Straight and true ran the good mare, but at the last jump a long-headed monster left the ground behind her and landed ahead.
Cousin Tom had finished with a whip that carried Calamity a good length into the lead before the finish—a good length and going away!
CALAMITY was lumbering to an awkward halt as Tiptoe pulled up in the rear. Dave took her on into the open barn and rubbed her down in a stall. He only straightened for a moment when he heard the regular beating of departing hoofs outside.
As he got into the house he heard the tuneless voice of Cousin Tom singing. Tom, with a bottle and a glass, stood at the door from the kitchen to the rear hall.
"That's what you're going to ride—Calamity," said Tom. "He's your mount in the Chester Cup. To hell with that mare. Take her home tomorrow."
In the great, bony face of Cousin Tom there was only one loose feature, and that was the mouth, which was now stretched wide and discolored by the hugeness of his grin. Dave stared at him.
"Why," said Dave, "I've promised Molly Apperson I'd ride Tiptoe!"
"You take that mare back home tomorrow," commanded Tom shortly.
"I can't do it, Tom. I promised Molly. And Tiptoe—"
"Get out of my sight and into your bed!" shouted Tom. His mouth stretched wider than ever, in a grimace. The knees of Dave turned to water. He got up the stairs by pulling with one hand against the rail of the banisters. Afterwards, lying in bed, he dreamed of that day when he would stand face to face with Cousin Tom and strike him with words as with whips.

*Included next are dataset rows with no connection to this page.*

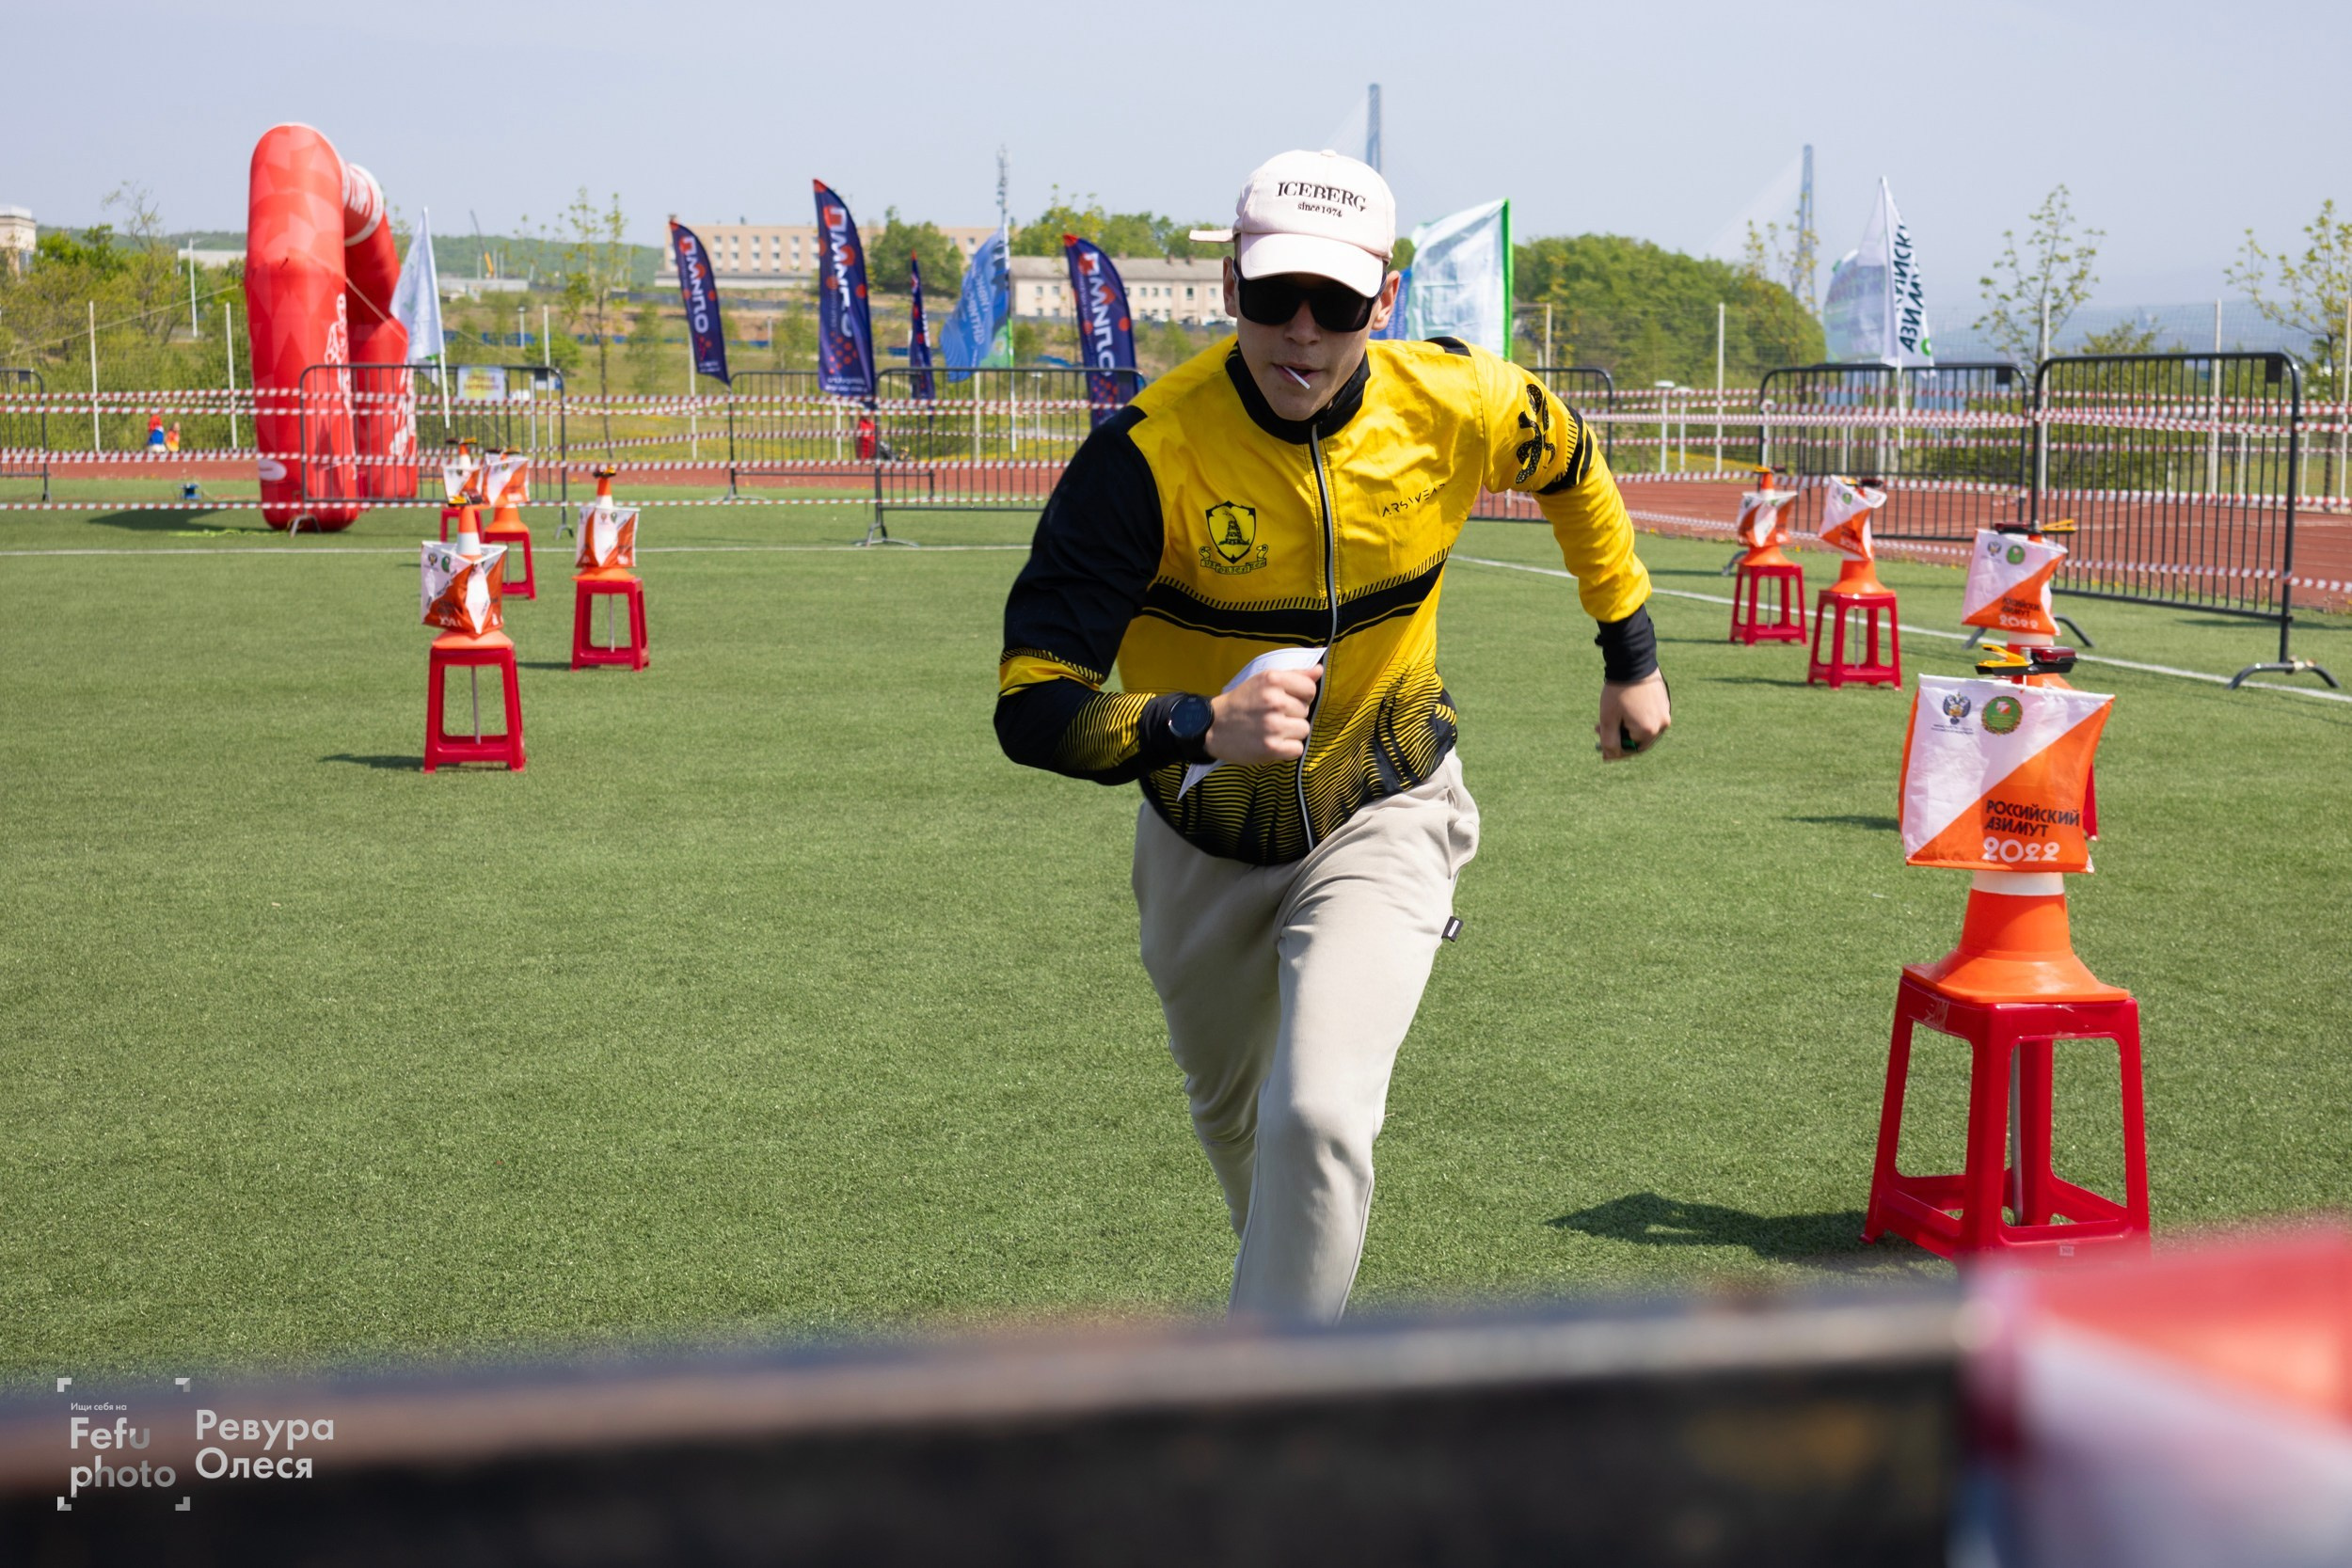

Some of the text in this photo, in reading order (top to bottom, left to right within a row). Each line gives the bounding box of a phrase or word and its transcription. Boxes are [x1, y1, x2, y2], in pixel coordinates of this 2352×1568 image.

[1277, 182, 1366, 213] ICEBERG
[1297, 201, 1343, 218] since 1974
[1984, 816, 2049, 837] АЗИМУТ
[1986, 800, 2079, 827] РОССИЙСКИЙ
[1981, 836, 2060, 863] 2022
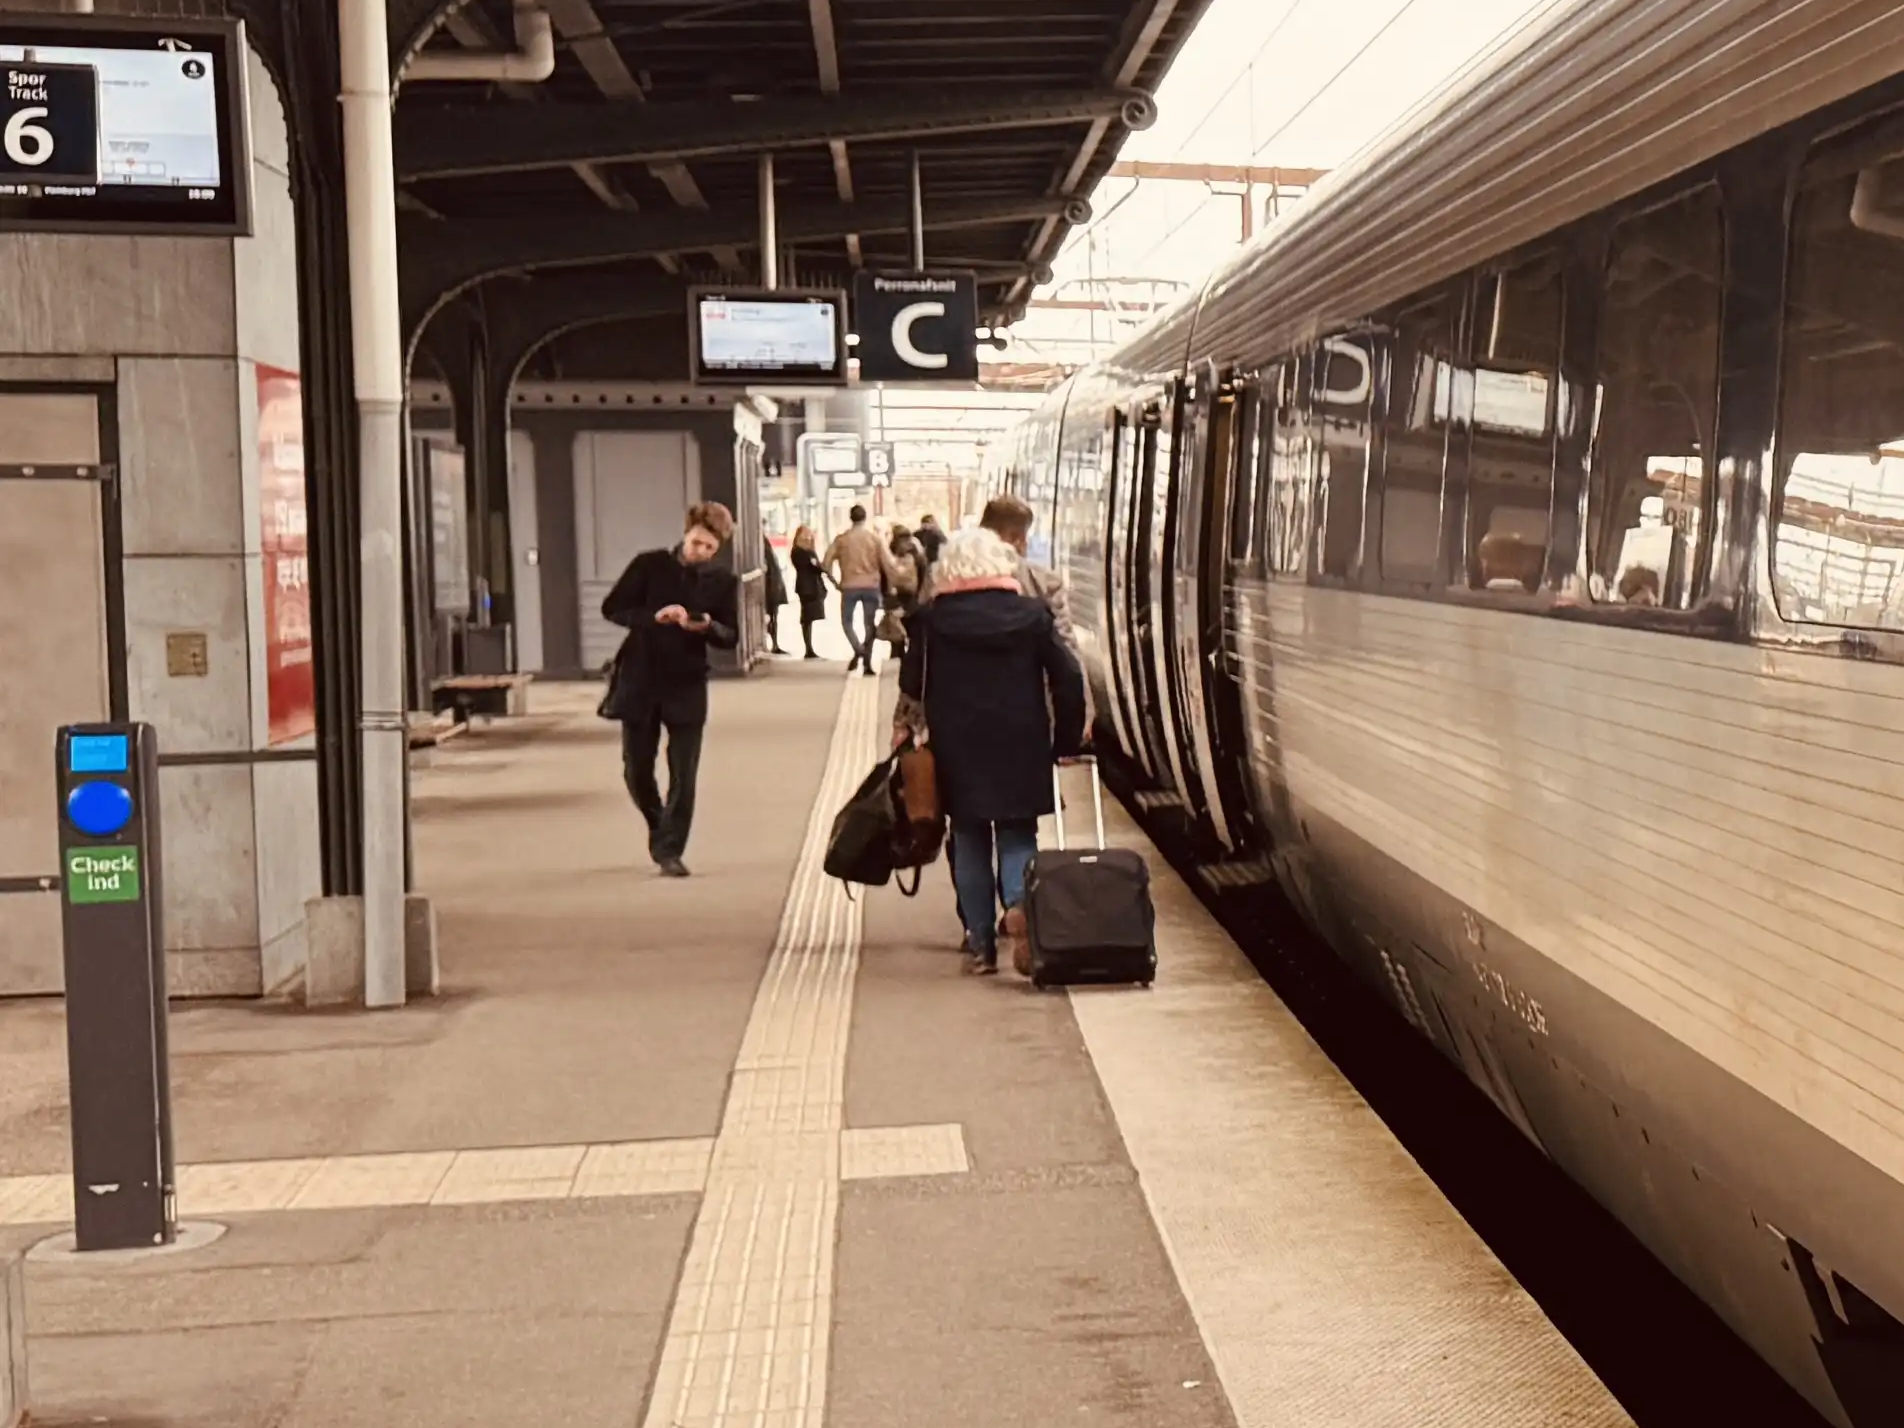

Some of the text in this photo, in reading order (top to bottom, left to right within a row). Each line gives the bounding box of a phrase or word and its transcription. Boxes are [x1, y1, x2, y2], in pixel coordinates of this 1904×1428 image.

[8, 70, 47, 87] Spor
[8, 85, 48, 101] Track
[4, 106, 54, 166] 6
[874, 277, 956, 293] Perronafsnit
[891, 302, 948, 369] C
[71, 855, 135, 873] Check

It was a clean autumn sky that he had over his head the next morning; and he rode the bay gelding, Cold Comfort, leading Tiptoe, and took that winding road towards the Apperson estate. His only hope was that Molly would not be at home. Then he could leave the mare and a note for its owner, and hurry away.
In fact, Molly was not there, but when he brought Tiptoe into the yard Colonel Apperson was at hand with tall young Philip Worthing, who, rumor said, would surely marry Molly Apperson. Worthing merely nodded at the cousin of Tom Reynolds, but the Colonel shook hands.
"I'm glad to see you, Dave," he said. "I was—"
"Have you brought the mare back to show Molly how she's coming along?" broke in Philip Worthing.
"I brought her back to Molly because I can't ride her," said Dave. He added, miserably: "Tom won't let me! He has another horse which I have to ride."
"Have to ride?" shouted the colonel. "Are you a—" He checked himself. "I'll take the mare," he said sternly, and then, suppressing an emotion which still gleamed in his eyes, asked courteously enough: "What sort of a horse has your cousin bought, Dave? In the old days there was a Reynolds who won the Cup. If your cousin has a horse for the Cup it must be a good one. Tom Reynolds is not the fellow to take chances that are too long."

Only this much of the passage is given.